◆ Exercise instructions: Using the line that contains "this 1824×1026 image." as the start, restate each line word for word through the final line of the material below, and return only those.

◆ Dataset excerpts:
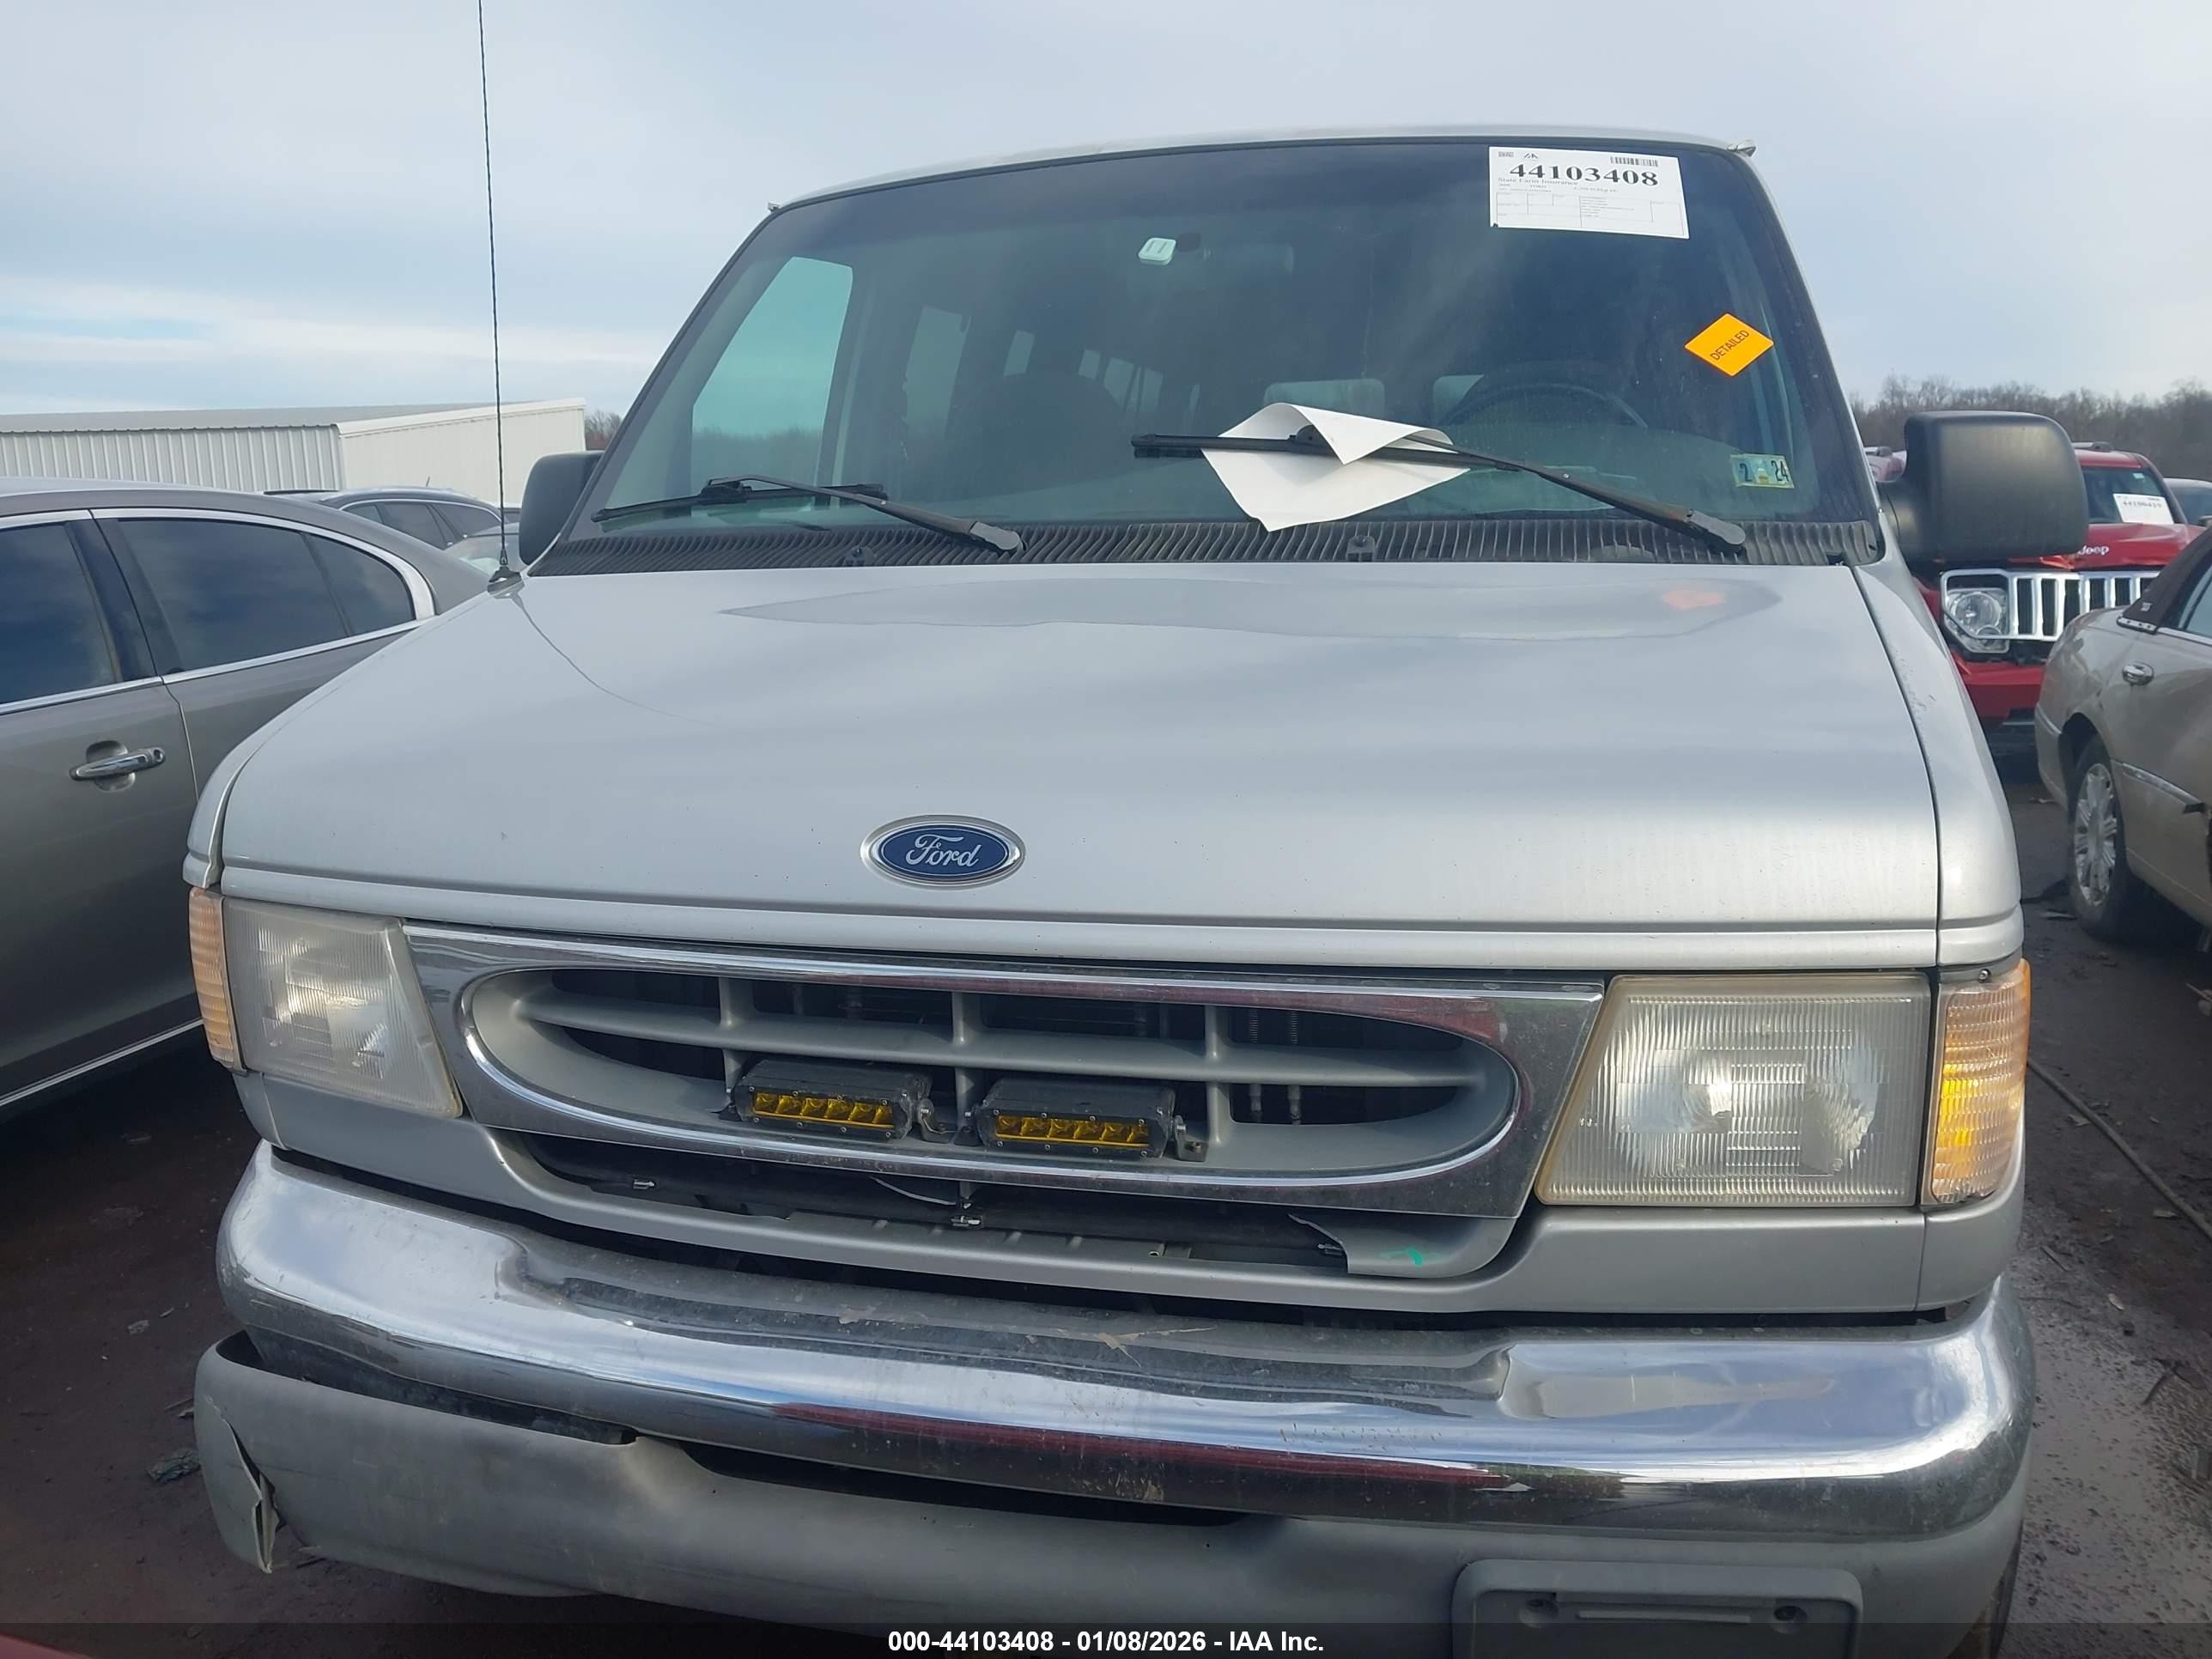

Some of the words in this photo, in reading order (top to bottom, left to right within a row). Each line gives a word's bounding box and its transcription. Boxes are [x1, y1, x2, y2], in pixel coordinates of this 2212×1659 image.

[1510, 163, 1659, 186] 44103408
[1710, 330, 1750, 361] DETAILED
[2078, 544, 2110, 556] Jeep
[905, 834, 982, 866] Ford
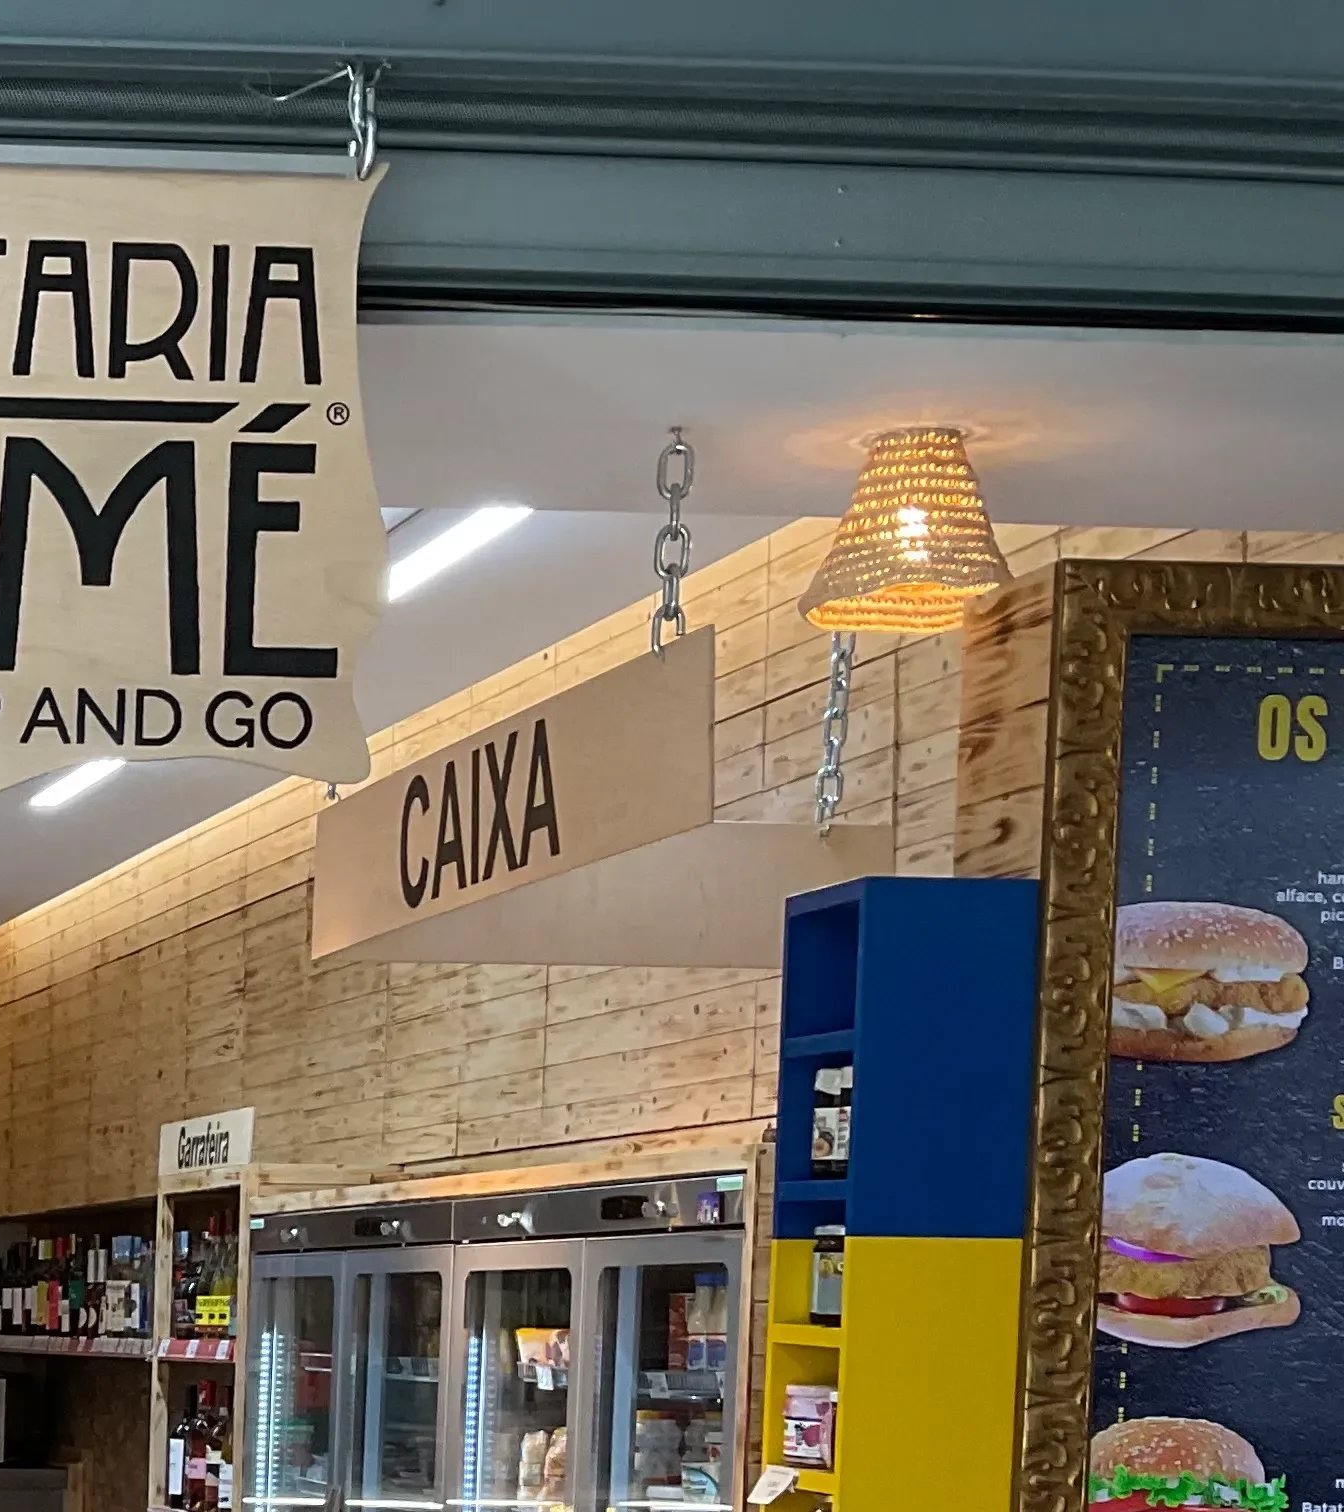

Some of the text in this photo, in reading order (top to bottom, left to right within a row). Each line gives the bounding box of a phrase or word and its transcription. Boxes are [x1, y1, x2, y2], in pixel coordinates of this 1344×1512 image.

[19, 686, 184, 747] AND
[204, 688, 314, 750] GO
[1257, 694, 1328, 762] OS
[400, 719, 560, 908] CAIXA
[1276, 888, 1328, 905] alface,
[178, 1121, 229, 1169] Garrafeira
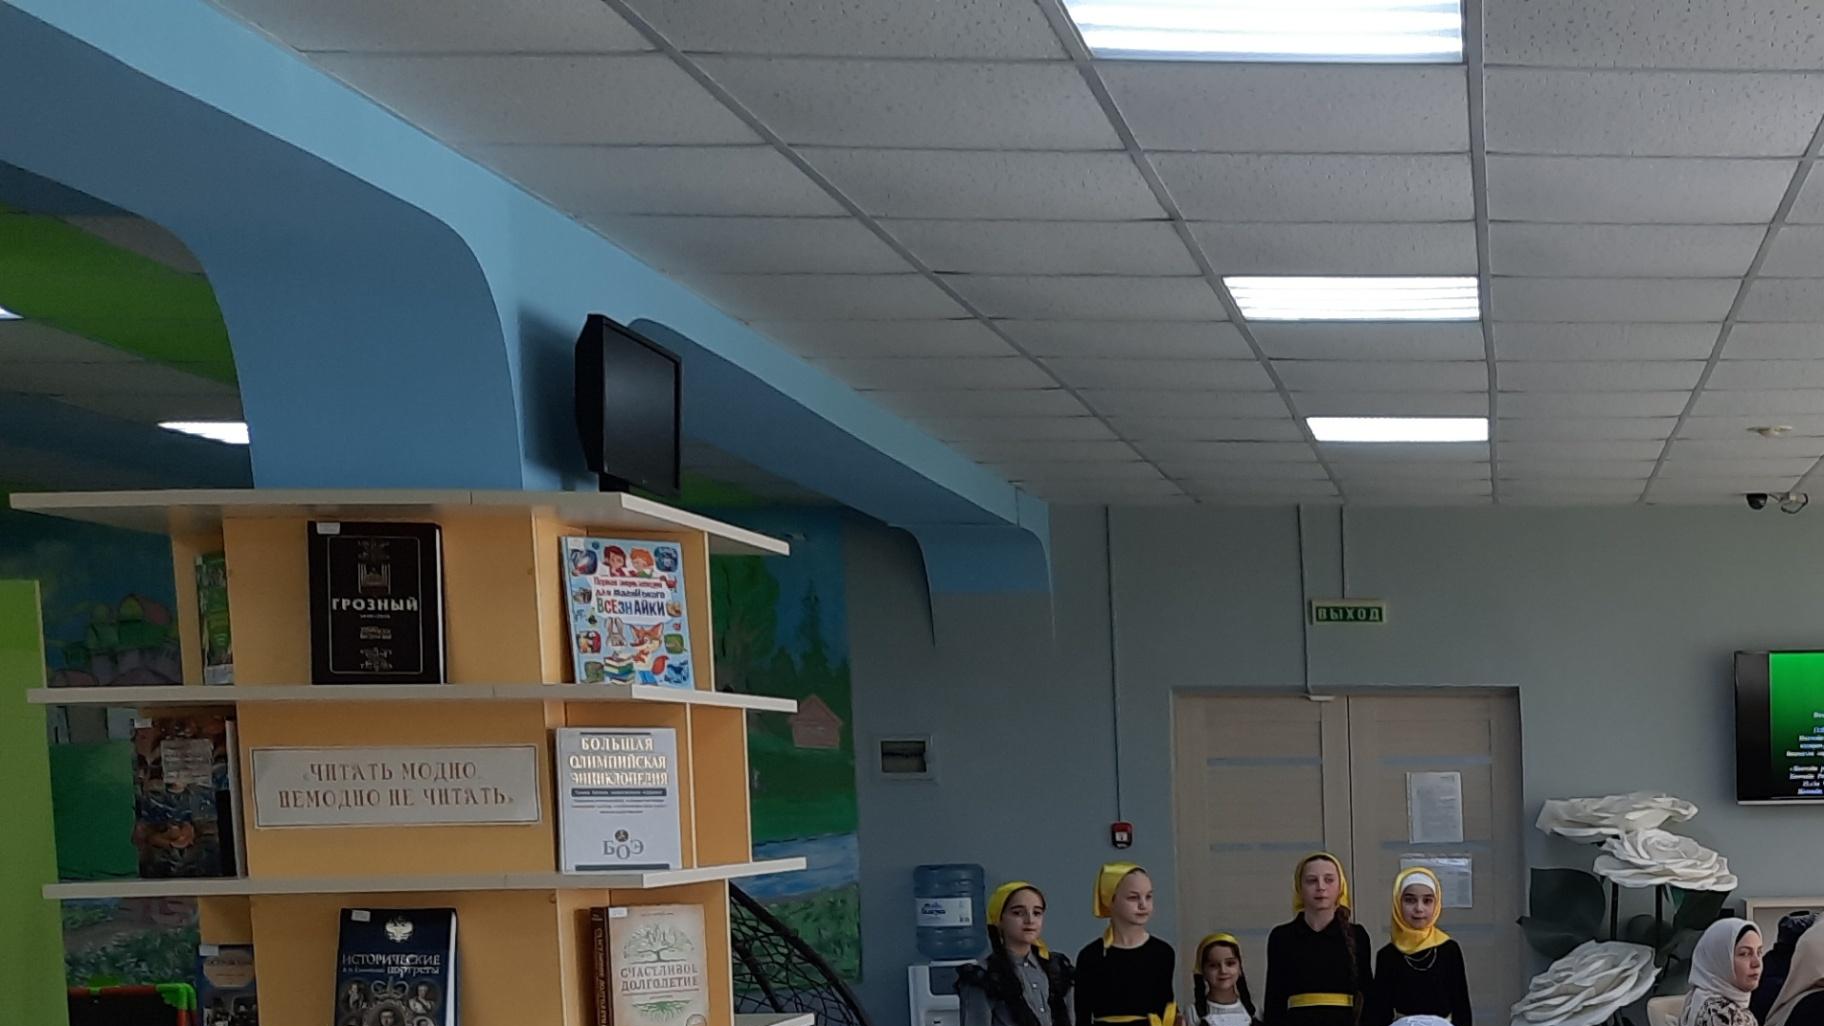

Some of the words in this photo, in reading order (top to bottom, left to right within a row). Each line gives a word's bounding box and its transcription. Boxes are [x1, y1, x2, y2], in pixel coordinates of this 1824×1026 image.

[331, 596, 418, 611] ГРОЗНЫЙ
[596, 598, 666, 617] ВСЕЗНАЙКИ
[1317, 607, 1381, 621] ВЫХОД
[581, 736, 654, 752] БОЛЬШАЯ
[569, 753, 667, 769] ОЛИМПИЙСКАЯ
[571, 771, 668, 786] ЭНЦИКЛОПЕДИЯ
[278, 788, 382, 810] НЕМОДНО
[389, 788, 416, 807] НЕ
[342, 953, 441, 966] ИСТОРИЧЕСКИЕ
[620, 963, 698, 978] СЧАСТЛИВОЕ
[621, 976, 699, 992] ДОЛГОЛЕТИЕ

◆ Completed task:
Some of the words in this photo, in reading order (top to bottom, left to right within a row). Each line gives a word's bounding box and its transcription. Boxes are [x1, y1, x2, y2], in pixel coordinates of this 1824×1026 image.

[331, 596, 418, 611] ГРОЗНЫЙ
[596, 598, 666, 617] ВСЕЗНАЙКИ
[1317, 607, 1381, 621] ВЫХОД
[581, 736, 654, 752] БОЛЬШАЯ
[569, 753, 667, 769] ОЛИМПИЙСКАЯ
[571, 771, 668, 786] ЭНЦИКЛОПЕДИЯ
[278, 788, 382, 810] НЕМОДНО
[389, 788, 416, 807] НЕ
[342, 953, 441, 966] ИСТОРИЧЕСКИЕ
[620, 963, 698, 978] СЧАСТЛИВОЕ
[621, 976, 699, 992] ДОЛГОЛЕТИЕ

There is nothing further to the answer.